3. 8/31/69-Dallas, Texas
Led Zeppelin was the first band to play in this Pop Festival at the Texas International Motor Speedway. There's no doubt in my mind that they could have ended the show right after Led Zeppelin stepped off the stage and the crowd would have been perfectly satisfied. This is Led Zeppelin at their peak in 1969. Each song features extended play, exciting solos and dramatic drum and bass work. "How Many More Times" is the longest of the touring year and features a Bonham solo at the end that brings the crowd to a heavenly frenzy. There's a wonderful "I Can't Quit You Babe", a searing "You Shook Me" and a blistering "Communication Breakdown". The crowd reaction says it all! The roar of approval and gratitude as the band walks off is deafening. A truly historic event in Zeppelin history!

4. 1/9/70-London, England
As good as it gets! Led Zeppelin in 1970-71 was a band no one could compete against.

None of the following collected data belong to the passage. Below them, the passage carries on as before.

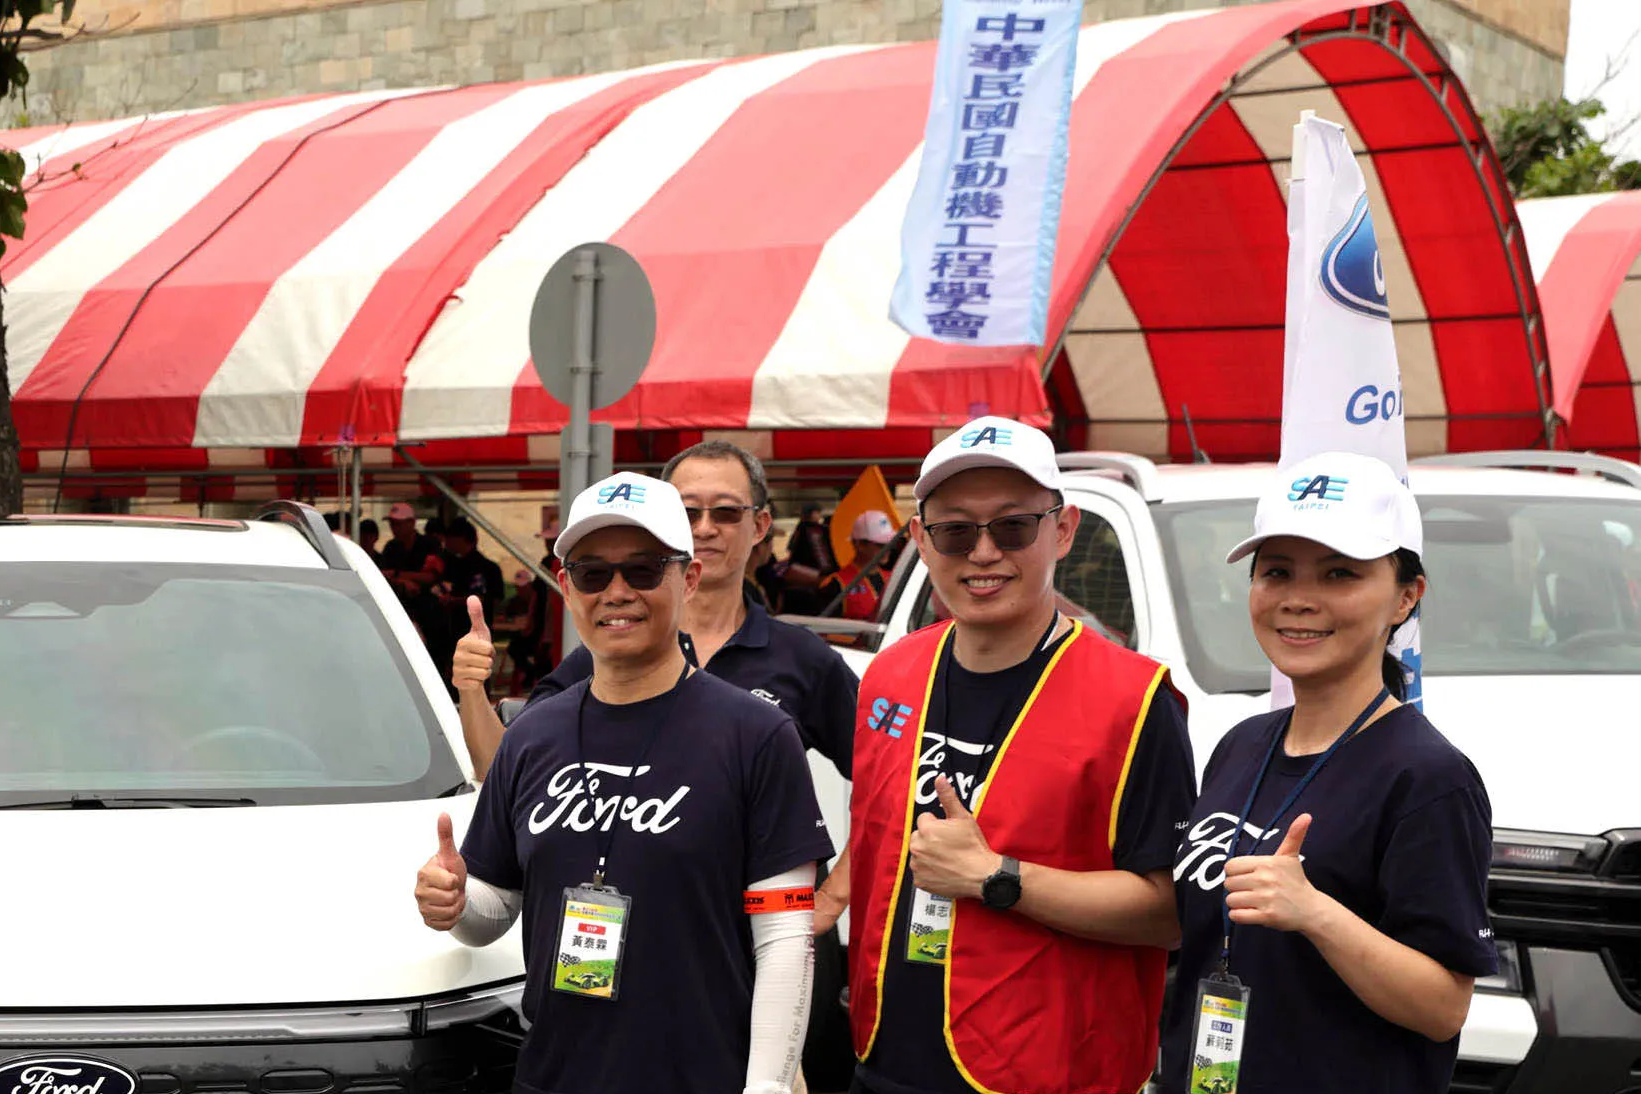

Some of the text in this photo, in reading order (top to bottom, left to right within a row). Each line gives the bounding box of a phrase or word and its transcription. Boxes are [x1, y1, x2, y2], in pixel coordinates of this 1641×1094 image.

[926, 13, 1046, 340] 中華民國自動機工程學會
[960, 426, 1012, 448] SAE
[598, 483, 646, 504] SAE
[1287, 474, 1349, 501] SAE
[868, 697, 913, 738] SAE
[528, 763, 690, 834] Ford
[788, 1022, 801, 1043] For
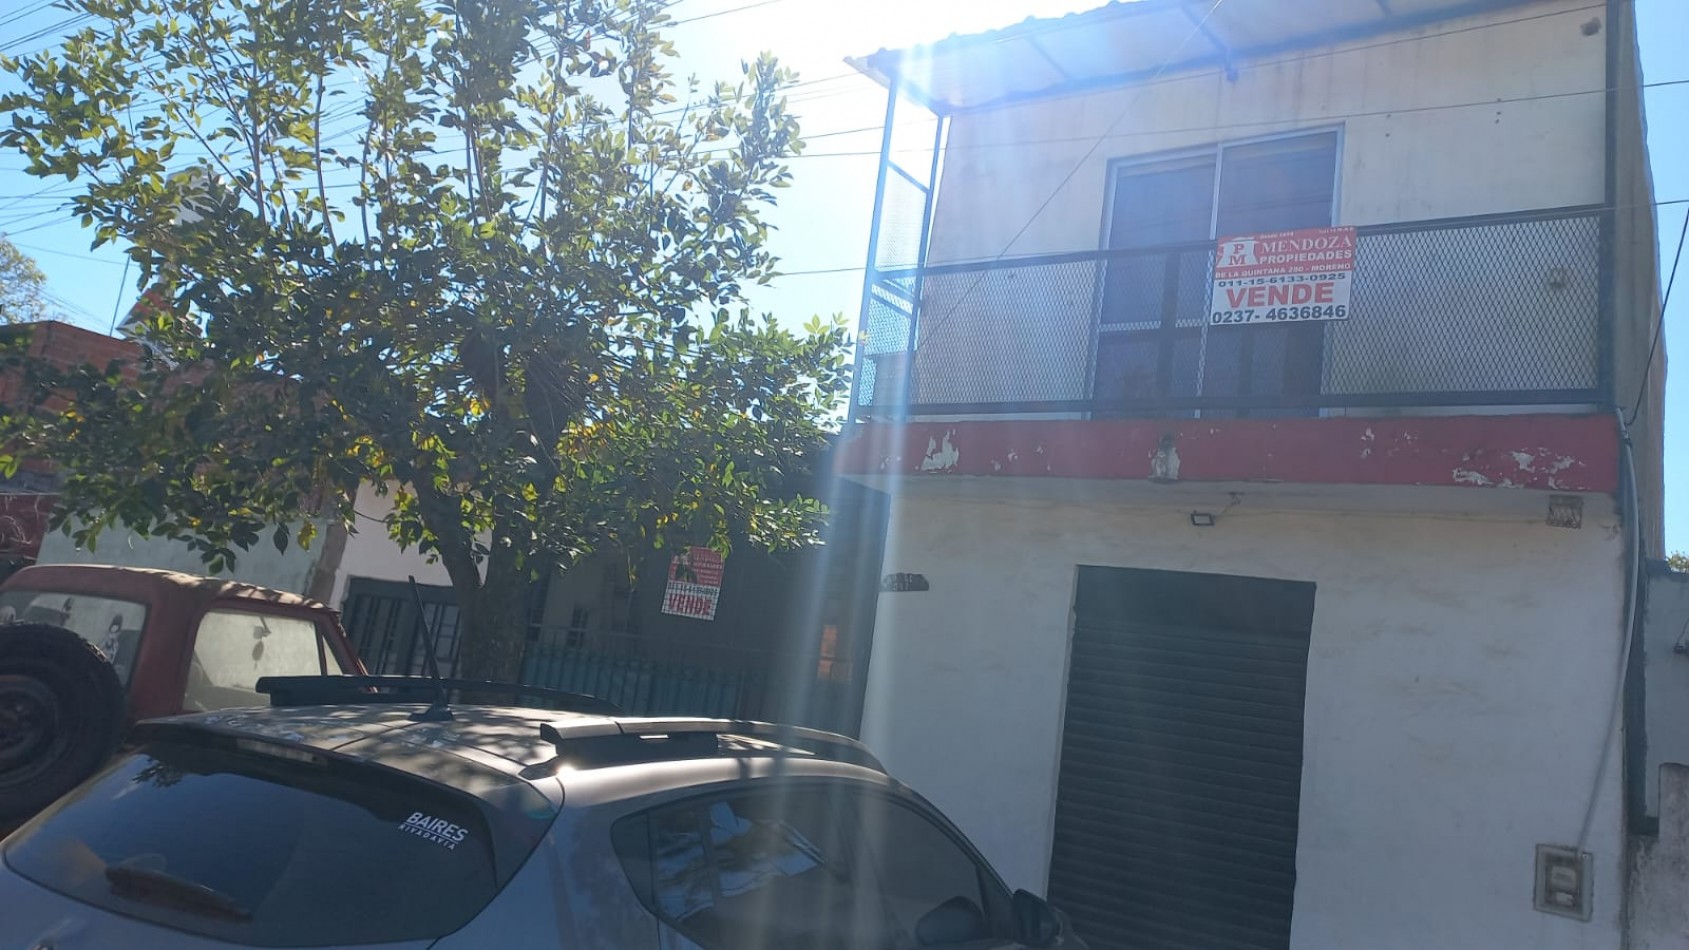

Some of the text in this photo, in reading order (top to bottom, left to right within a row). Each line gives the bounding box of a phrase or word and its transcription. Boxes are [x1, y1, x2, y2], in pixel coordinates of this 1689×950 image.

The sheer power of their play during these years is something to astound you, and never is this more evident than in this show at Royal Albert Hall. The source I own is from the FM broadcast and though a bit overloaded at times, the musical affect is, nonetheless, a numbing experience that leaves you begging for more. Some great covers here ("Something Else" and "C'mon Everybody) and a glorious "How Many More Times". This is perhaps one of John Paul Jones' finest nights on bass. His play is simply fabulous. He shows his ability to keep a song continuously entertaining with just a bass line. This may not be one of Zeppelin's technically perfect nights, but for energy, atmosphere and enjoyment, this show is one you must have!

5. 4/8/70-Raleigh, North Carolina
This may seem like an odd pick in a baker's dozen of live shows, but I assure you that this is a concert filled with the kind of powerful music that has made Led Zeppelin the legends of music they are today. My source is a very decent audience recording that captures both the exciting atmosphere and the exceptional play. There are a number of songs from this concert that are worth mentioning in brief here: "Dazed and Confused", in which Page hangs on to the exiting note of the crazed section so long that Bonham breaks away first; a superb "Heartbreaker"; a really special "White Summer", and perhaps the best version of "Thank You" that you'll ever hear. One of my favorite listens. A great show.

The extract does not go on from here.